[Task data]:
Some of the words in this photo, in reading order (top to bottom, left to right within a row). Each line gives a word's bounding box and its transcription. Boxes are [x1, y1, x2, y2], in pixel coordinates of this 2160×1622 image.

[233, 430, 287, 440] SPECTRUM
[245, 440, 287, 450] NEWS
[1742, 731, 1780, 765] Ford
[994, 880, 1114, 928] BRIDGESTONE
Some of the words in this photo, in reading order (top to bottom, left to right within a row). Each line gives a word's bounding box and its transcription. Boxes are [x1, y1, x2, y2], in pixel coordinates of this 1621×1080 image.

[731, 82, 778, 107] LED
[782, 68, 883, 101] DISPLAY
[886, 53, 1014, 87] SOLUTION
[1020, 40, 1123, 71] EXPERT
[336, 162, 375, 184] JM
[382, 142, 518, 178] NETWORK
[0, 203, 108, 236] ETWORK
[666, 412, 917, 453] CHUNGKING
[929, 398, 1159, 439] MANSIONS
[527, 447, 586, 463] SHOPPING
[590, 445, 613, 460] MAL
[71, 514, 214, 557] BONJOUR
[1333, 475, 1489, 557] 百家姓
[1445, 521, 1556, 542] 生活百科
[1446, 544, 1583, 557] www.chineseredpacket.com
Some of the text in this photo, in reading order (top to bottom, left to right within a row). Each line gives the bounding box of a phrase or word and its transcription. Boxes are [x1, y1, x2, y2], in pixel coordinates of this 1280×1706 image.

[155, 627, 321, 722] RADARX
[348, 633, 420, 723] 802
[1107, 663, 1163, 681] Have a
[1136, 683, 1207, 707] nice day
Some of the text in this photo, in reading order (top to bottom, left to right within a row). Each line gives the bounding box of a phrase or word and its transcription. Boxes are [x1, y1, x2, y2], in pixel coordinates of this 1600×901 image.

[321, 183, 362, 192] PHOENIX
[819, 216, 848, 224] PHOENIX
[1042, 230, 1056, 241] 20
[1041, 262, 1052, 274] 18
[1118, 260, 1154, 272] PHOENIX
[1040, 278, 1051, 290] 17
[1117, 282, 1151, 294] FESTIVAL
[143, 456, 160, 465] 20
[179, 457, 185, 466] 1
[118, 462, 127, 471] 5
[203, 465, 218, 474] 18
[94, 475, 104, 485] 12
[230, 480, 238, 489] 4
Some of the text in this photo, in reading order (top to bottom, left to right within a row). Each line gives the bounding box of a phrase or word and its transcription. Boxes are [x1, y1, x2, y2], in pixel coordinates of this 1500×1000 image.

[Task details]:
Every line from the one containing "this 1280×1706 image." through the last line of the entries must be written out verbatim, and no other line.

[Response box]:
Some of the text in this photo, in reading order (top to bottom, left to right within a row). Each line gives the bounding box of a phrase or word and its transcription. Boxes are [x1, y1, x2, y2], in pixel coordinates of this 1280×1706 image.

[155, 627, 321, 722] RADARX
[348, 633, 420, 723] 802
[1107, 663, 1163, 681] Have a
[1136, 683, 1207, 707] nice day
Some of the text in this photo, in reading order (top to bottom, left to right within a row). Each line gives the bounding box of a phrase or word and its transcription. Boxes are [x1, y1, x2, y2], in pixel coordinates of this 1600×901 image.

[321, 183, 362, 192] PHOENIX
[819, 216, 848, 224] PHOENIX
[1042, 230, 1056, 241] 20
[1041, 262, 1052, 274] 18
[1118, 260, 1154, 272] PHOENIX
[1040, 278, 1051, 290] 17
[1117, 282, 1151, 294] FESTIVAL
[143, 456, 160, 465] 20
[179, 457, 185, 466] 1
[118, 462, 127, 471] 5
[203, 465, 218, 474] 18
[94, 475, 104, 485] 12
[230, 480, 238, 489] 4
Some of the text in this photo, in reading order (top to bottom, left to right within a row). Each line gives the bounding box of a phrase or word and its transcription. Boxes are [x1, y1, x2, y2], in pixel coordinates of this 1500×1000 image.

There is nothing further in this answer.